[Spatial localization data]
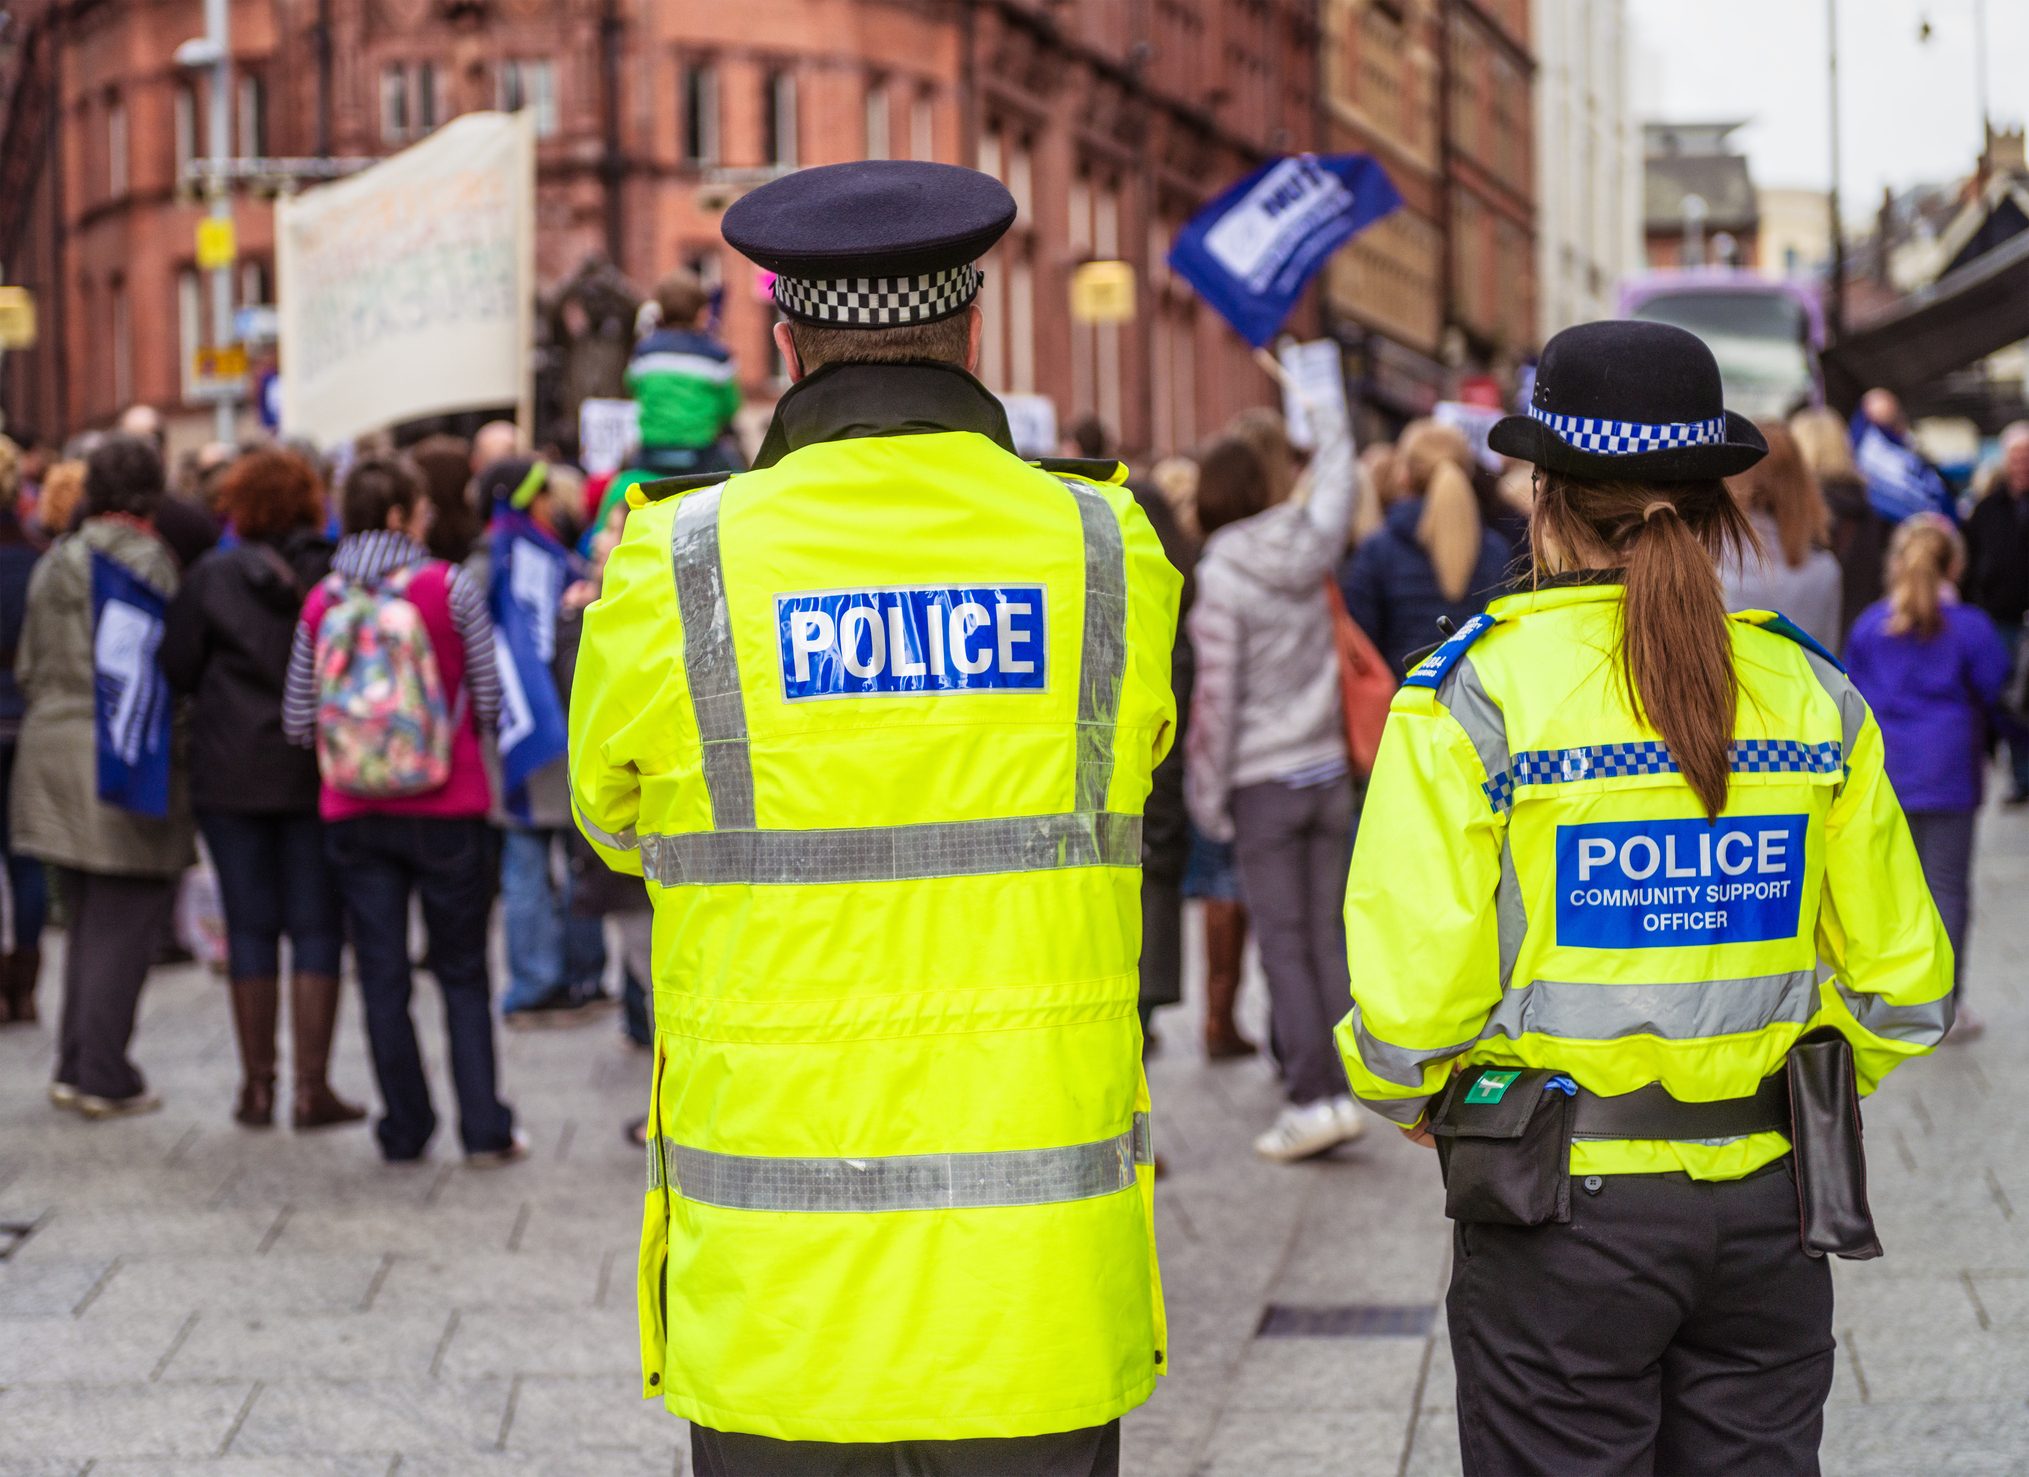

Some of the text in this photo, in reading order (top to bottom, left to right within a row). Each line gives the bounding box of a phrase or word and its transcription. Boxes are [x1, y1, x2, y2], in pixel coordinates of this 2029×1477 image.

[790, 602, 1034, 683] POLICE
[1578, 829, 1789, 881] POLICE
[1570, 880, 1791, 907] COMMUNITY SUPPORT
[1643, 910, 1727, 931] OFFICER

**WHAT NEEDS TO BE DONE:** Could you please write out the entries exactly as they are, with every picture left out?

**EXPECTED ANSWER:**
Some of the text in this photo, in reading order (top to bottom, left to right within a row). Each line gives the bounding box of a phrase or word and its transcription. Boxes are [x1, y1, x2, y2], in pixel coordinates of this 2029×1477 image.

[790, 602, 1034, 683] POLICE
[1578, 829, 1789, 881] POLICE
[1570, 880, 1791, 907] COMMUNITY SUPPORT
[1643, 910, 1727, 931] OFFICER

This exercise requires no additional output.